§ ACTIVITY
Every entry below should be returned exactly as it appears, with pictures left out.

=== Begin Enclosure ===

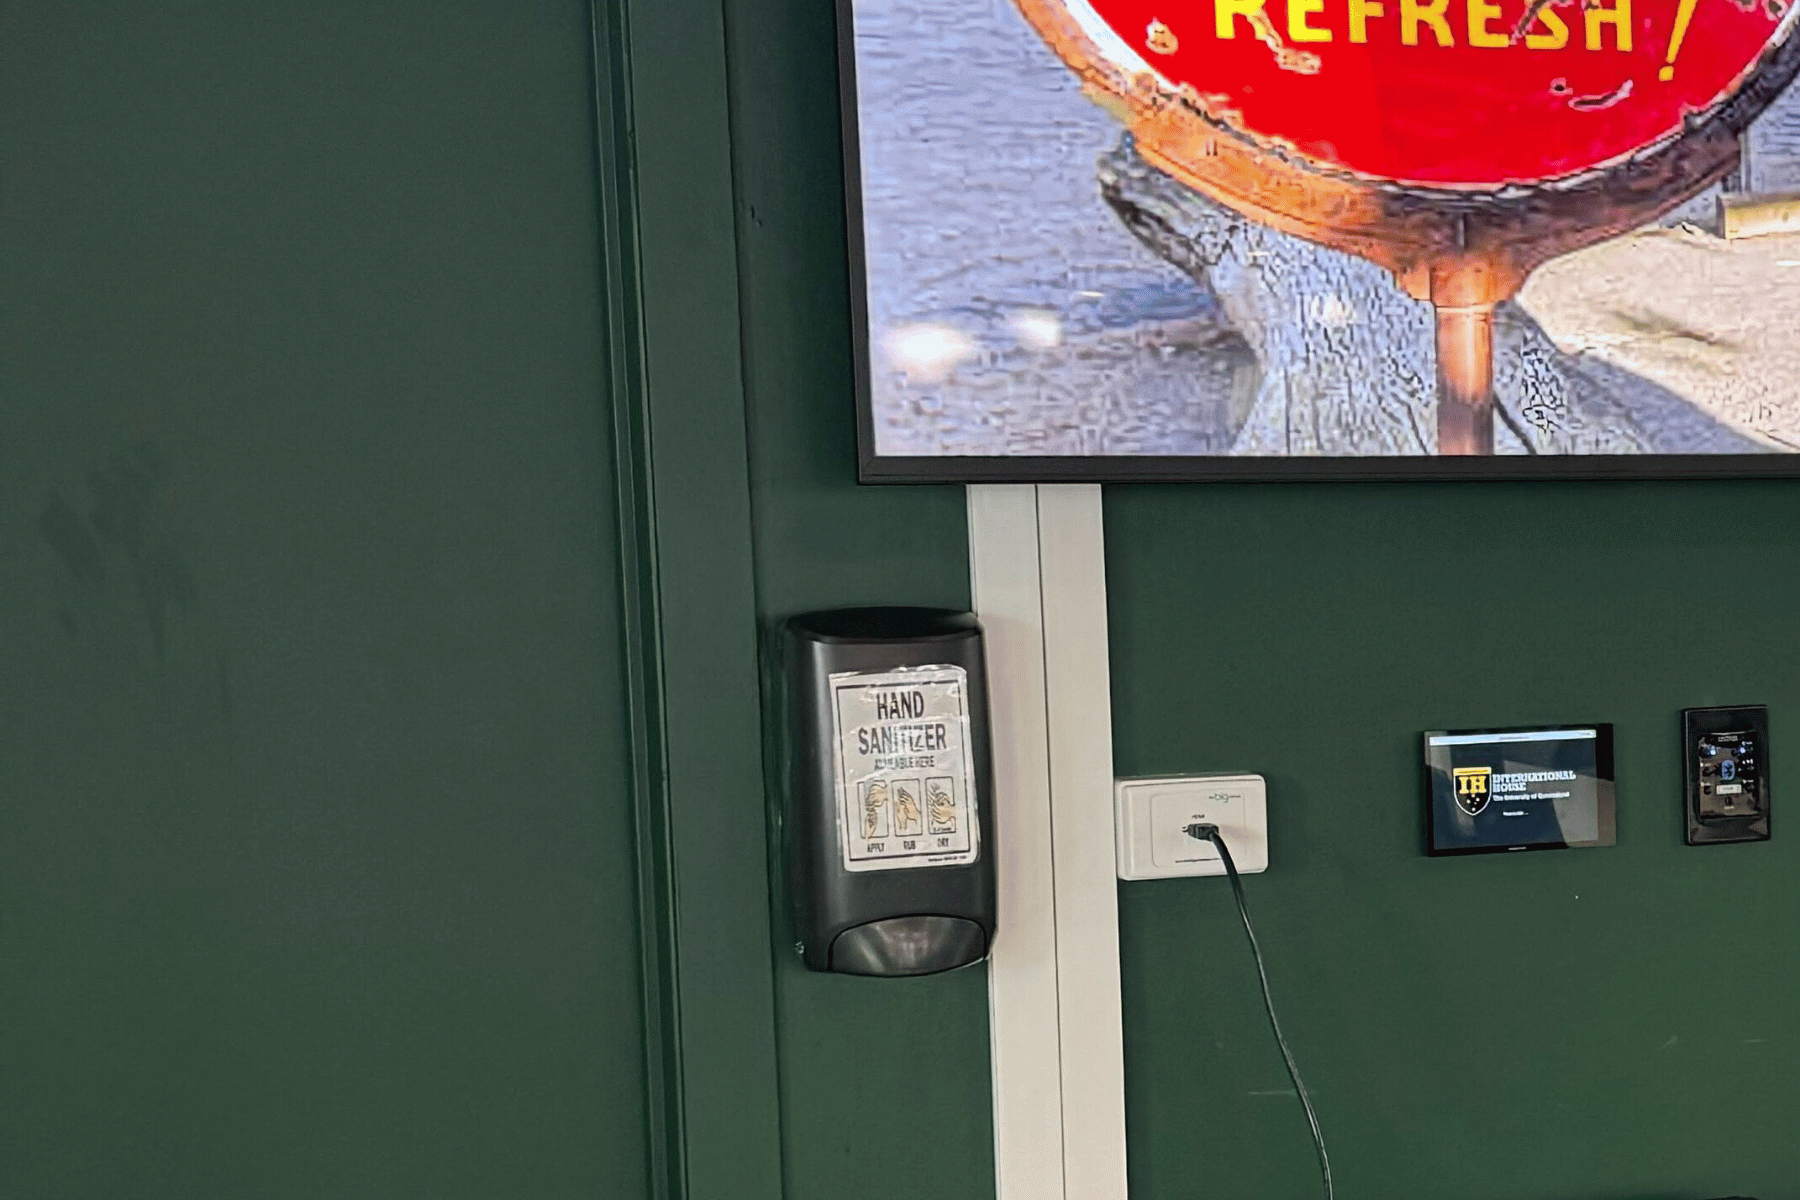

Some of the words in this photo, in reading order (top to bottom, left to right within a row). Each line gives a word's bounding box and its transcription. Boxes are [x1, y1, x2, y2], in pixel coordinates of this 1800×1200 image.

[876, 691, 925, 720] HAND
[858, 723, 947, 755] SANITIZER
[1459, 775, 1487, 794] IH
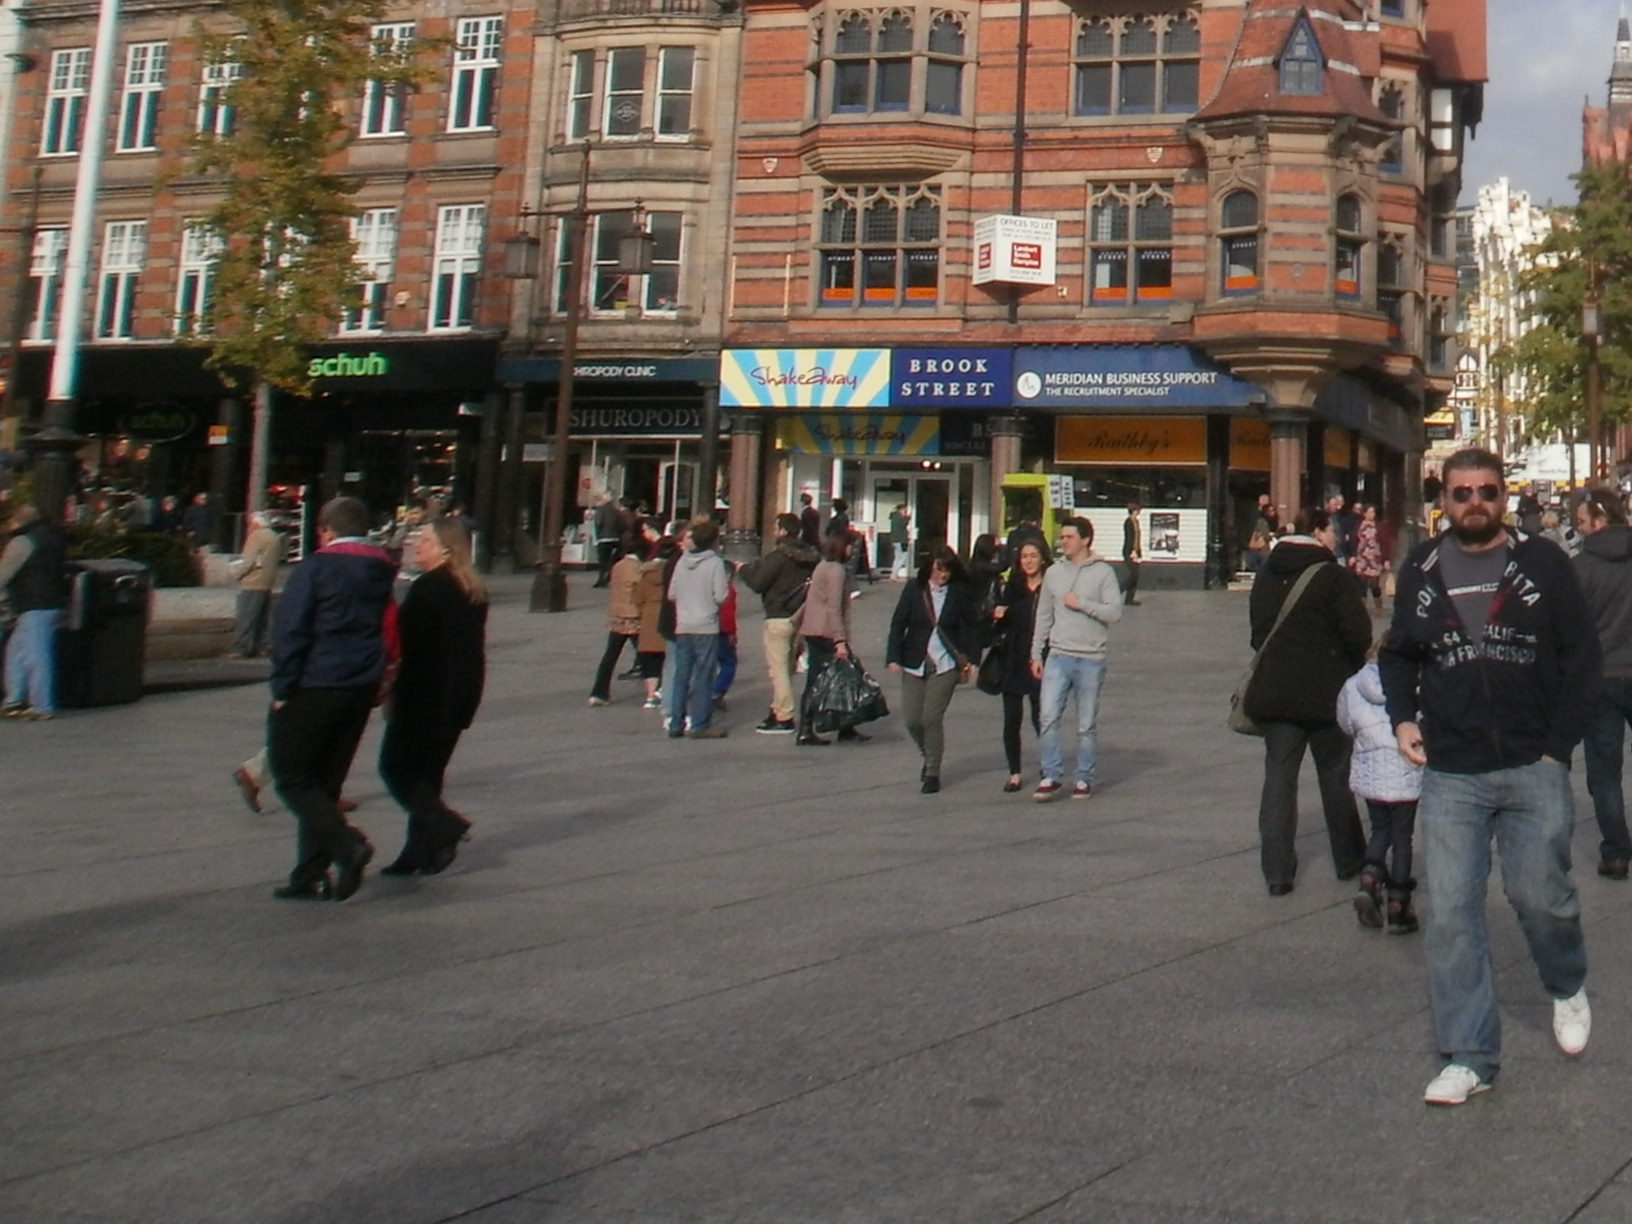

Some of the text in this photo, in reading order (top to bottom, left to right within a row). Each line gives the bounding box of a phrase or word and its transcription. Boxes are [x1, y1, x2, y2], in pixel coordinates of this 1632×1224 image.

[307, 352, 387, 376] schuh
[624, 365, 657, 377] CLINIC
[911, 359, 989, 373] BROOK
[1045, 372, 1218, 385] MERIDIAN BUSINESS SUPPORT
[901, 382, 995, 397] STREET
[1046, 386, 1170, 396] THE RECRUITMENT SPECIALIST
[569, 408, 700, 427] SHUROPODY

=== End Enclosure ===

§ YOUR RESPONSE
Some of the words in this photo, in reading order (top to bottom, left to right within a row). Each line gives a word's bounding box and its transcription. Boxes are [x1, y1, x2, y2], in pixel coordinates of this 1800×1200 image.

[876, 691, 925, 720] HAND
[858, 723, 947, 755] SANITIZER
[1459, 775, 1487, 794] IH

Some of the text in this photo, in reading order (top to bottom, left to right within a row). Each line gives the bounding box of a phrase or word and its transcription. Boxes are [x1, y1, x2, y2], in pixel coordinates of this 1632×1224 image.

[307, 352, 387, 376] schuh
[624, 365, 657, 377] CLINIC
[911, 359, 989, 373] BROOK
[1045, 372, 1218, 385] MERIDIAN BUSINESS SUPPORT
[901, 382, 995, 397] STREET
[1046, 386, 1170, 396] THE RECRUITMENT SPECIALIST
[569, 408, 700, 427] SHUROPODY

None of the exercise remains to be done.